Note: This is a repost from 2017 but is as topical today as then.

7 comments:

ambisinistral said...

"historical narrative"

One of the keys to demolishing history is to kill off portraying history as a narrative flow and replacing it with history as bits and pieces to be interpreted.

That's what Howard Zinn did in his People's History. Focus, in isolation, on the black experience, the women's experience, the 'cooly' experience, the worker's experience, etc., etc., and you can weave a story that tells the reader whatever message you want because the pieces cannot be assembled into a whole for the reader to judge the message.

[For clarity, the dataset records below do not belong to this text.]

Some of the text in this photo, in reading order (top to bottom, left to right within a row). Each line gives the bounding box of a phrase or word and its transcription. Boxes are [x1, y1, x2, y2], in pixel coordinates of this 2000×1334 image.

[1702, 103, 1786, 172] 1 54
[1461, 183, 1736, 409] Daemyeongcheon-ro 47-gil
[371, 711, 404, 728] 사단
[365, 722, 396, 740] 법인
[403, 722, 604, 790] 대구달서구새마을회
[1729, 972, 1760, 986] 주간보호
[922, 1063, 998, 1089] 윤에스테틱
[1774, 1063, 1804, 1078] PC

Narrative history, like The Narrative history of the Civil War by Shelby Foote for example, tells a story that the reader can much more easily judge -- do the pieces fit together consistently? Is the narrative credible? Are the actions understandable in their context?

Borepatch said...

ambisinistral, it's said that there are two key issues in the study of history: what sources do you have and how much do you trust them?

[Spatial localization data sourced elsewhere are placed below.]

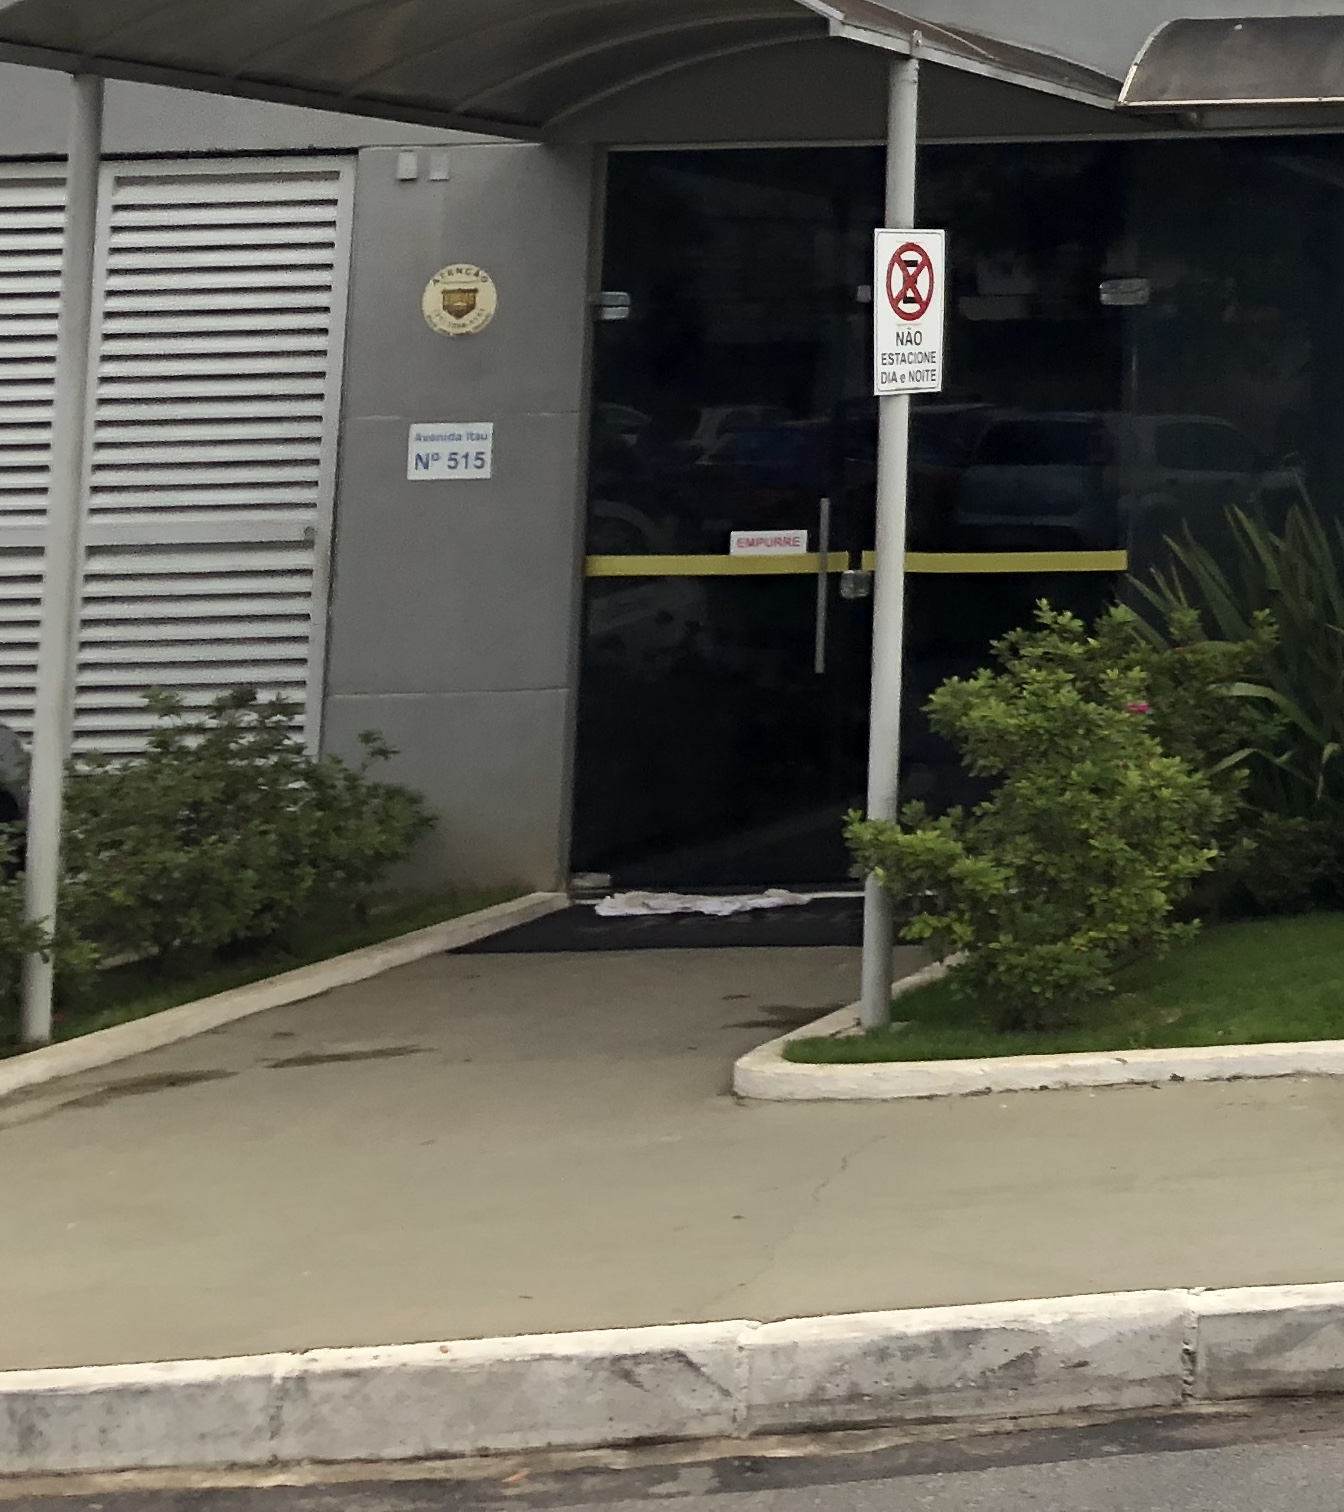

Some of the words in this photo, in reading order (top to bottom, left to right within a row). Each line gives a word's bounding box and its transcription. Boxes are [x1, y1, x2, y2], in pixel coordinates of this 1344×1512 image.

[896, 327, 923, 347] NÃO
[881, 350, 937, 367] ESTACIONE
[880, 370, 898, 385] DIA
[908, 368, 937, 383] NOITE
[447, 451, 486, 470] 515
[736, 536, 801, 549] EMPURRE

Thus the re-writing of history, and the censoring of history.

Glen Filthie said...

There’s always a narrative in play, BP. Up here in Canada, Lincoln was a Saint, FDR walked on water, and Trump was a nazi.

Our social engineers are busy up here too, toppling statues of John A MacDonald, Queen Anne, and burning Catholic Churches down because our natives were supposedly genocided by nuns.

I am beginning to wonder. Maybe Lincoln got what he finally deserved. FDR shoulda got what Lincoln did. And maybe the wrong guys won WW2.

I’m gonna say it. I think it’s time to start shooting people. If you want to look at history, the kind of guys doing this are not only attacking our history. They are attacking our language, our institutions, our women and children. When they get spooled up and rolling, they can potentially kill tens of millions like they did in the Soviet Union, China, and the other moronic countries that slid into socialism.

But whadda I know?

drjim said...

Well done, BP!

Sherm said...

Damn nuance.
I too read Shelby Foote's narrative history. It's good enough to read more than once.

JaimeInTexas said...

War For Southern Independence

What I find amusing is how people here in these uSA can see how other countries have attempted to eradicate a culture and its traditions to entrench their claims of legitimize . At the same time, unable to see or accept that it is happening to the people of the South.

Lincoln and his ilk were the real revolutionaries. Marx agreed. Lincoln destroyed what little of the republic remained after the ratification of the Constitution of 1787. 1865 was the wake. We are at the funeral. I wonder when will the interment be?

Tam said...

Imagine not knowing that the statue in question was erected during the Wilson administration. Talk about historical illiteracy!